5.6 Voluntary Resignation by the Executive. The thirtieth (30th) day following a written notice of voluntary resignation by the Executive to the Company.

6.1 Termination without Cause or Resignation by the Executive for Good Reason.  Upon the termination of the Employment Term by the Company without Cause or Resignation by the Executive for Good Reason, the Company shall pay the Executive, at the rate(s) which would otherwise have been in effect pursuant to Section 2 herein:

(a) the Base Salary otherwise payable to the Executive for the period of two (2) months; and

(b) any Base Salary, bonuses, vacation and unreimbursed expenses accrued but unpaid as of the termination.

6.2 Termination for Death, Disability, with Causes or Voluntary Resignation. Upon termination of the Executive's employment upon his death pursuant to Section 5.1, as a result of his Disability pursuant to Section 5.2, for Cause pursuant to Section 5.3, or as a result of the voluntary resignation of the Executive pursuant to Section 5.6, the Company shall have no payment or other obligations hereunder to the Executive, except for the payment of any Base Salary, bonuses, benefits or unreimbursed expenses accrued but unpaid as of the date of such termination.

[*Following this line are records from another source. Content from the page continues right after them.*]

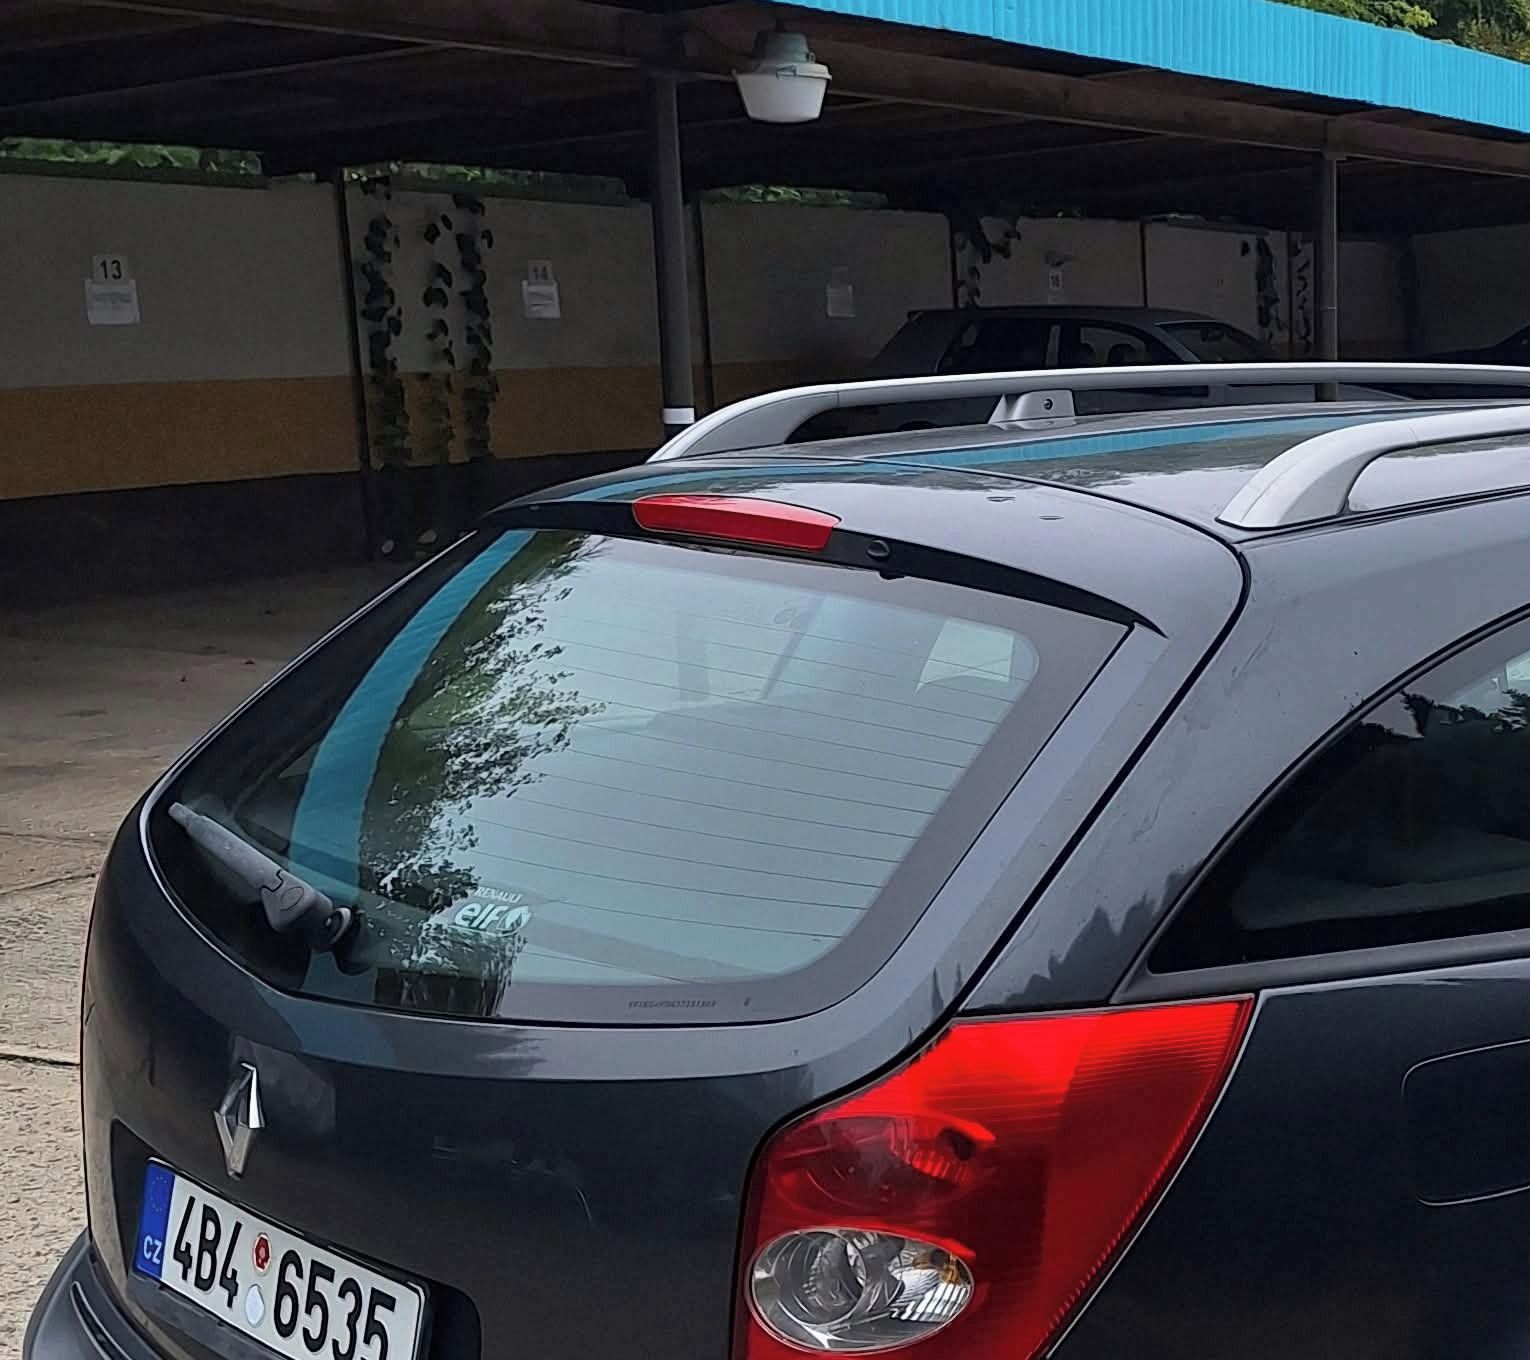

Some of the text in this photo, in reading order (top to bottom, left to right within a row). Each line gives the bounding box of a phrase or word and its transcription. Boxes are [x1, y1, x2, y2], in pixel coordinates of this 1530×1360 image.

[100, 259, 122, 279] 13
[475, 886, 523, 903] RENAULT
[455, 903, 509, 929] elf
[143, 1235, 161, 1265] CZ
[173, 1195, 243, 1309] 4B4

7. NO ASSIGNMENT.  This Agreement is personal to each of the Parties.  Except as provided below, no Party may assign or delegate any rights or obligations hereunder without first obtaining the written consent of the other Party hereto; provided, however, that the Company may assign this Agreement to any successor (whether direct or indirect, by purchase, merger, consolidation or otherwise) to all or substantially all of the business or assets of the Company.

8. NOTICES. For the purpose of this Agreement, notices and all other communications provided for in this Agreement shall be in writing and shall be deemed to have been duly given (1) on the date of delivery if delivered by hand, (2) on the date of transmission, if delivered by confirmed facsimile, (3) on the first business day following the date of deposit if delivered by guaranteed overnight delivery service, or (4) on the fourth business day following the date delivered or mailed by United States registered or certified mail, return receipt requested, postage prepaid, addressed as follows:

If to the Executive:

Brendan Powderly
Chief Executive Officer
Inspired Builders, Inc.
288 North Street
Georgetown, MA 01833

If to the Company:

Brendan Powderly
Chief Executive Officer
Inspired Builders, Inc.
288 North Street
Georgetown, MA 01833

or to such other address as either Party may have furnished to the other in writing in accordance herewith, except that notices of change of address shall be effective only upon receipt.

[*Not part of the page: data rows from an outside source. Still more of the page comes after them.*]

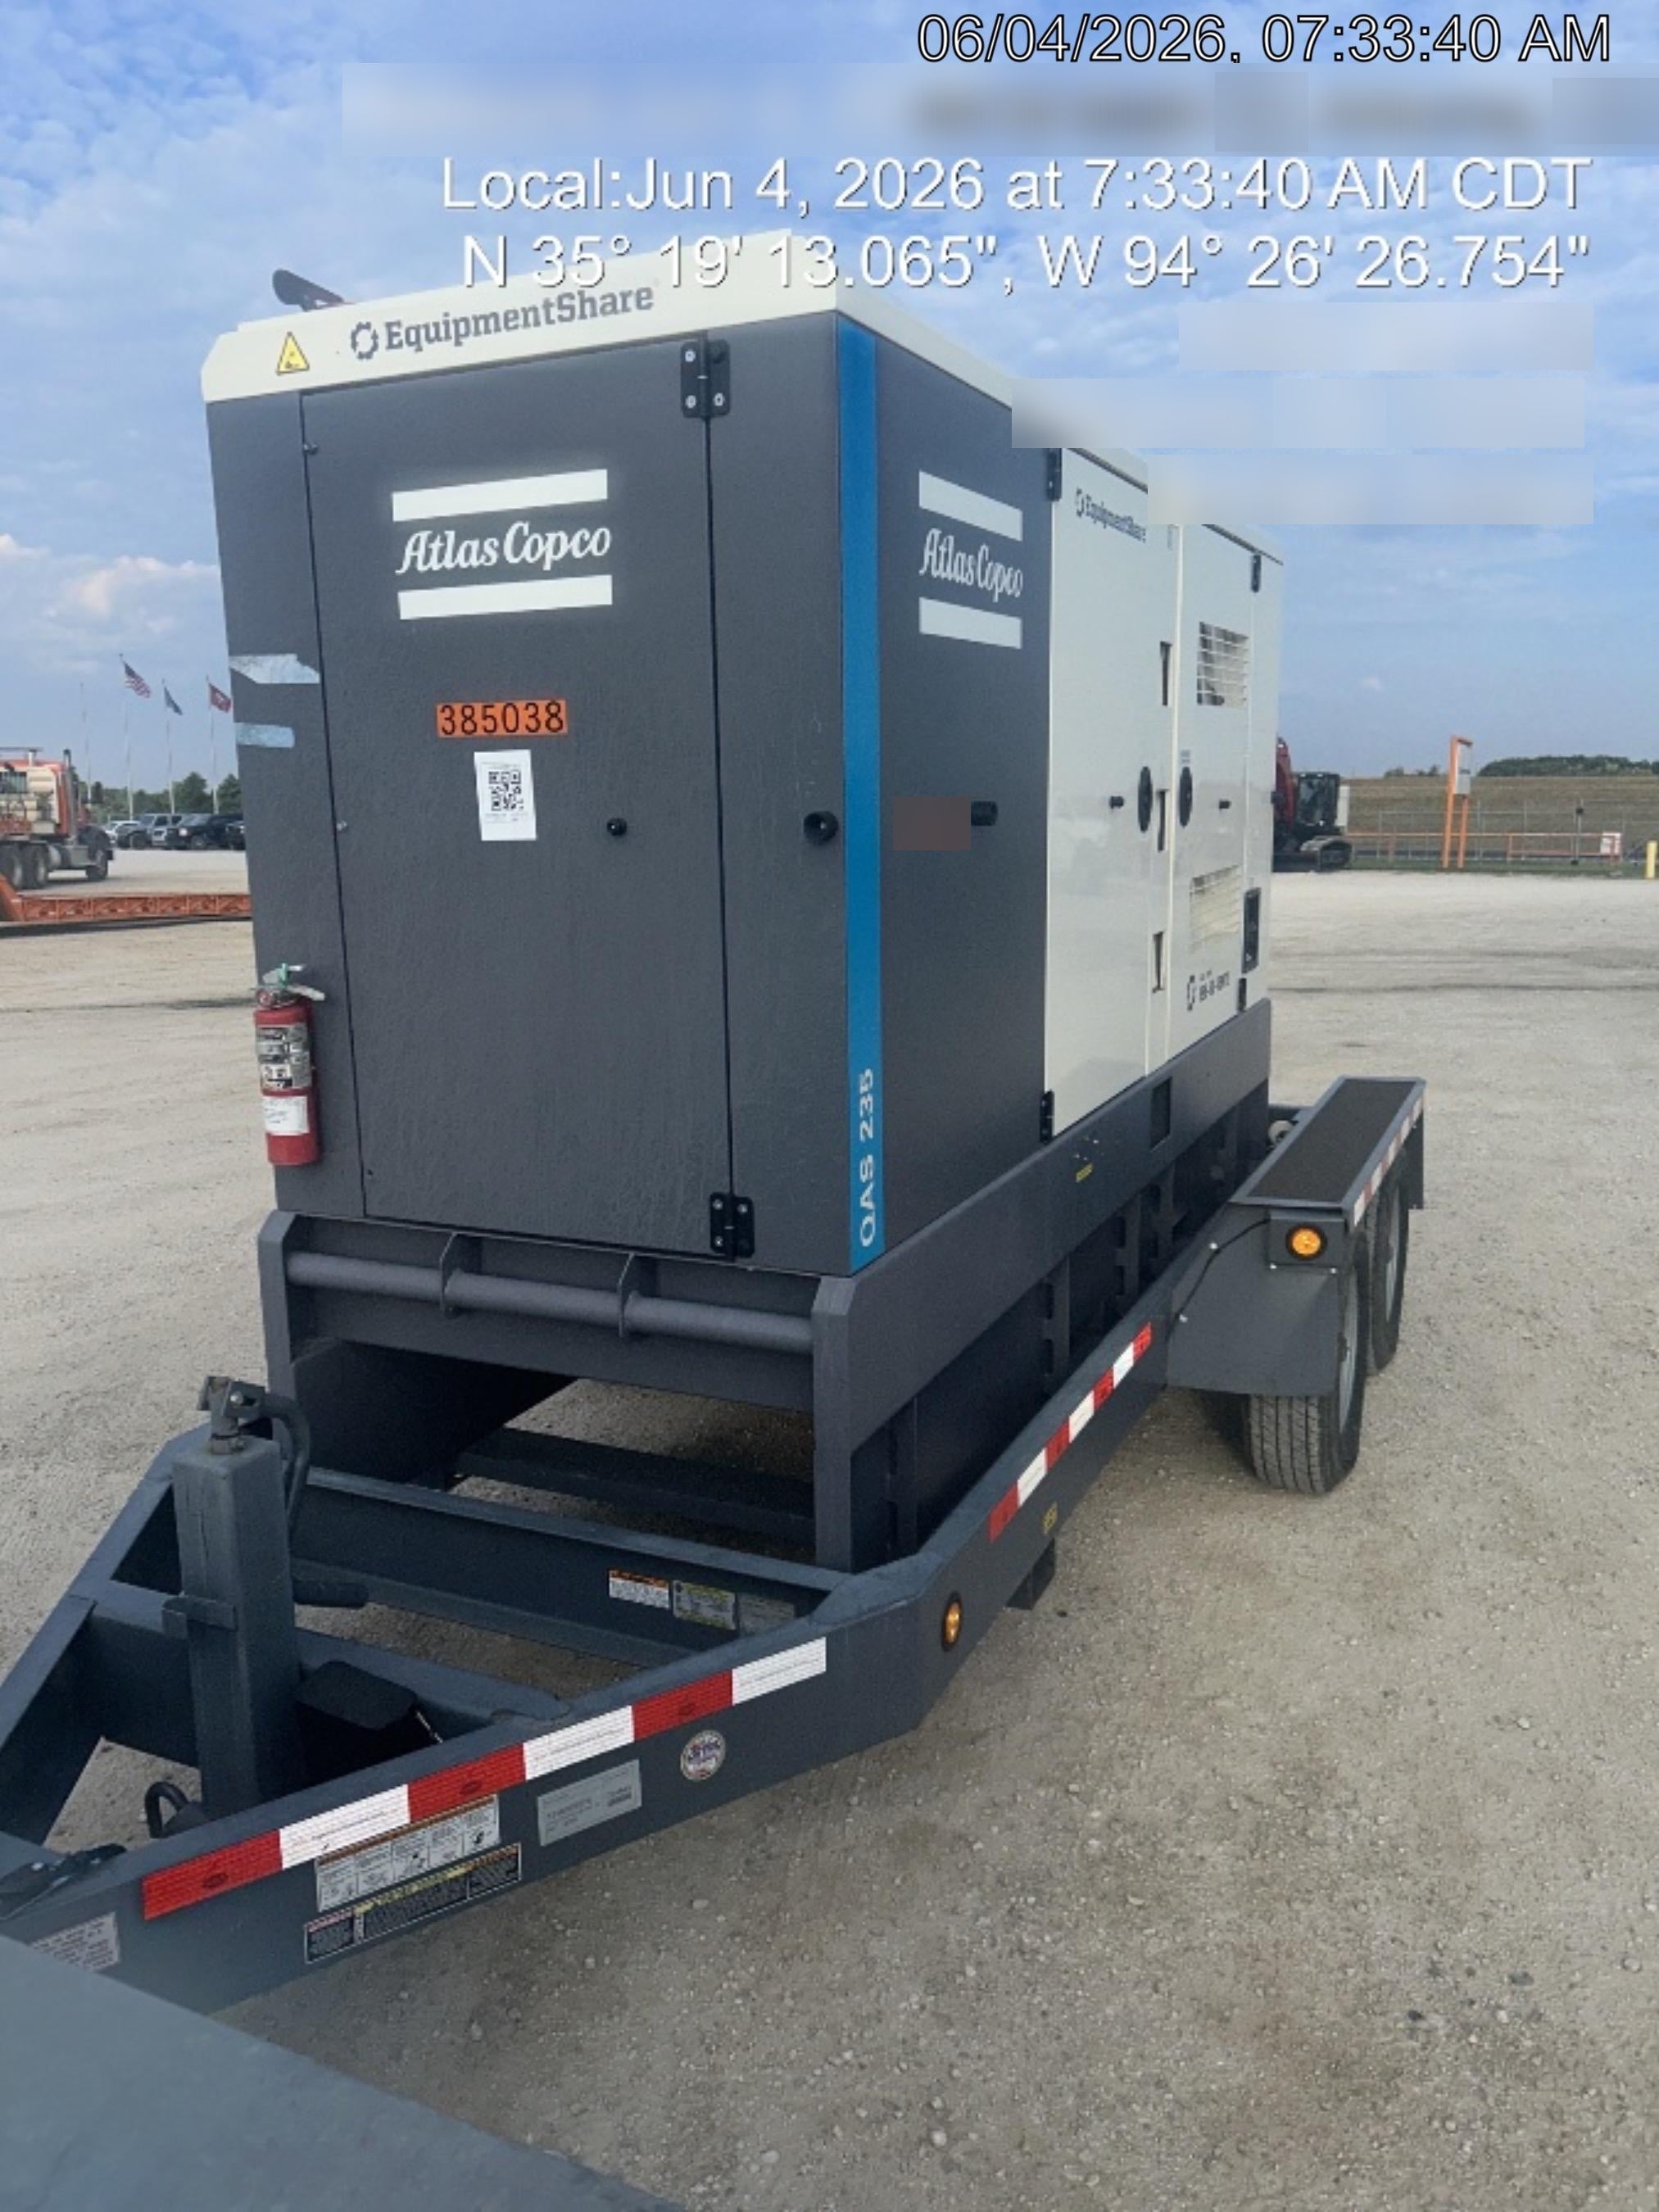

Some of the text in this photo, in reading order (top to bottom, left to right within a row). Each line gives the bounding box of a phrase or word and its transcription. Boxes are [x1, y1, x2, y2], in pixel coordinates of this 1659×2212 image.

[384, 284, 655, 352] EquipmentShare
[395, 520, 611, 575] Atlas Copco
[919, 528, 1023, 602] Atlas Copco
[439, 700, 564, 735] 385038
[859, 1068, 876, 1248] QAS 235

9. SECTION HEADINGS AND INTERPRETATION. The section headings used in this Agreement are included solely for convenience and shall not affect, or be used in connection with, the interpretation of this Agreement.

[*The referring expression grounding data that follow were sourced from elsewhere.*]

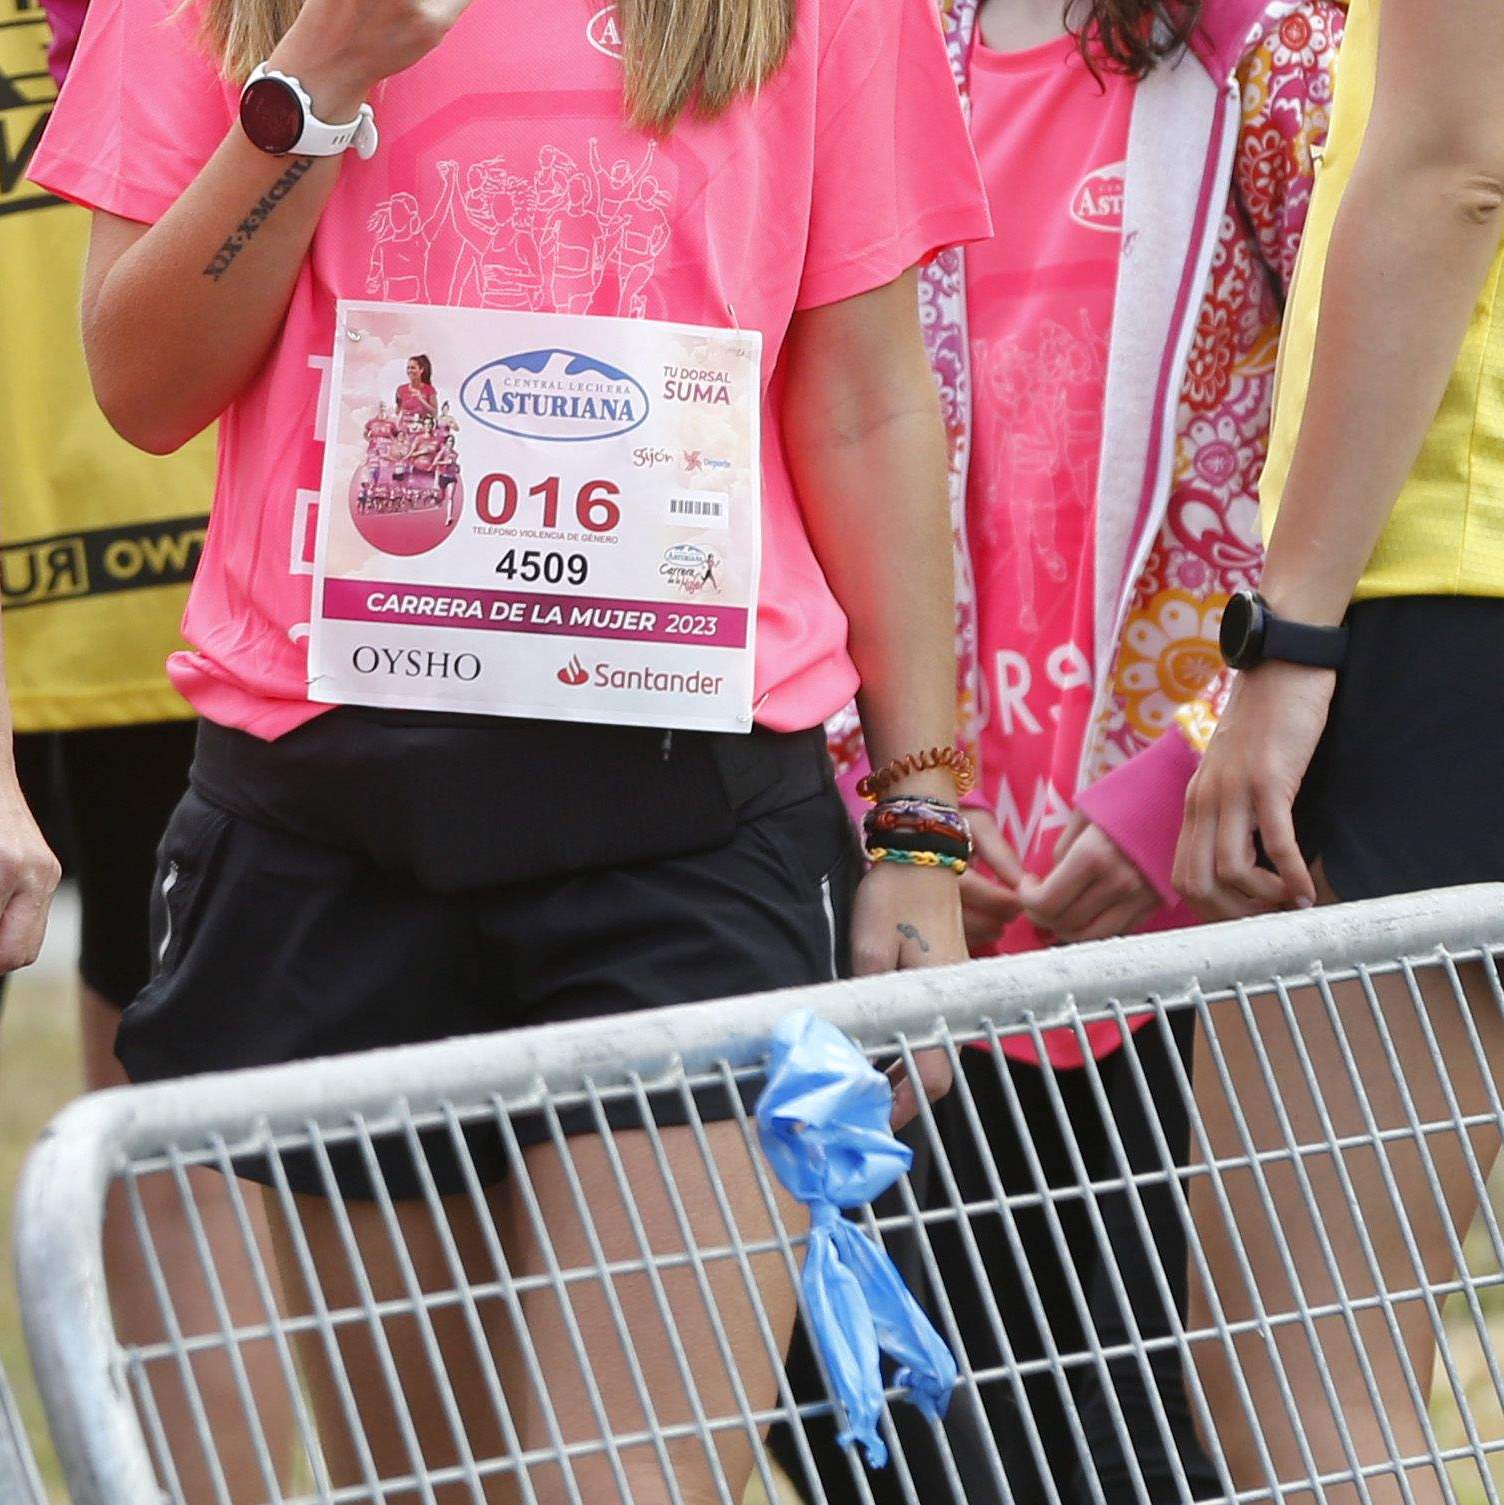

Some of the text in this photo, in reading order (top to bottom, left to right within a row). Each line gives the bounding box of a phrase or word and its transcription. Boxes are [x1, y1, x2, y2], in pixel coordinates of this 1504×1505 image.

[504, 377, 631, 394] CENTRAL LECHERA
[663, 365, 732, 384] TU DORSAL
[474, 378, 636, 422] ASTURIANA
[663, 380, 731, 406] SUMA
[475, 472, 621, 533] 016
[519, 529, 564, 541] VIOLENCIA
[567, 532, 579, 542] DE
[495, 549, 589, 586] 4509
[366, 592, 718, 636] CARRERA DE LA MUJER 2023
[352, 645, 482, 681] OYSHO
[594, 664, 724, 695] Santander

10. SEVERABILITY.  The provisions of this Agreement shall be deemed severable and the invalidity of unenforceability of any provision shall not affect the validity or enforceability of the other provisions hereof.

11. COUNTERPARTS.  This Agreement may be executed in three counterparts, each of which shall be deemed to be an original but all of which together will constitute one and the same Agreement.

12. GOVERNING LAW.  This Agreement in its interpretation and application and enforcement shall be governed by the law of the State of Nevada, without regard to the conflicts of laws rules thereof.

13. ENTIRE AGREEMENT. This Agreement contains the entire agreement between the Parties with respect to the subject matter hereof and supersedes all prior agreements, written or oral, with respect thereto. No agreements or representations, oral or otherwise, express or implied, with respect to the subject matter hereof have been made by either party which are not expressly set forth in this Agreement.

14. WAIVER AND AMENDMENT.  No provision of this Agreement may be modified, amended, waived or discharged unless such waiver, modification, amendment or discharge is agreed to in writing and signed by the Executive and such officer or director as may be designated by the Board of Directors. No waiver by either Party at any time of any breach by the other Party hereto of, or compliance with, any condition or provision of this Agreement to be performed by such other Party shall be deemed a waiver or similar or dissimilar provisions or conditions at the same or at any prior or subsequent time.

15. WITHHOLDING. The Company may withhold from any and all amounts payable under this Agreement such federal, state, local and foreign taxes as may be required to be withheld pursuant to any applicable law or regulation.

16. AUTHORITY AND NON-CONTRAVENTION.  The Executive represents and warrants to the Company that he has the legal right to enter into this Agreement and to perform all of the obligations on his part to be performed hereunder in accordance with its terms and that he is not a party to any agreement or understanding, written or oral, which could prevent him from entering into this Agreement or performing all of his obligations hereunder.

17. INDEMNIFICATION. The Company hereby agrees to indemnify and hold harmless the executive to the full extent  permitted by the Nevada Revised Statutes, and other relevant statutes. The Company agrees to advance to the Executive, as and when incurred by the Executive, all costs and expenses arising from any claim as to which the Company is providing indemnification hereunder.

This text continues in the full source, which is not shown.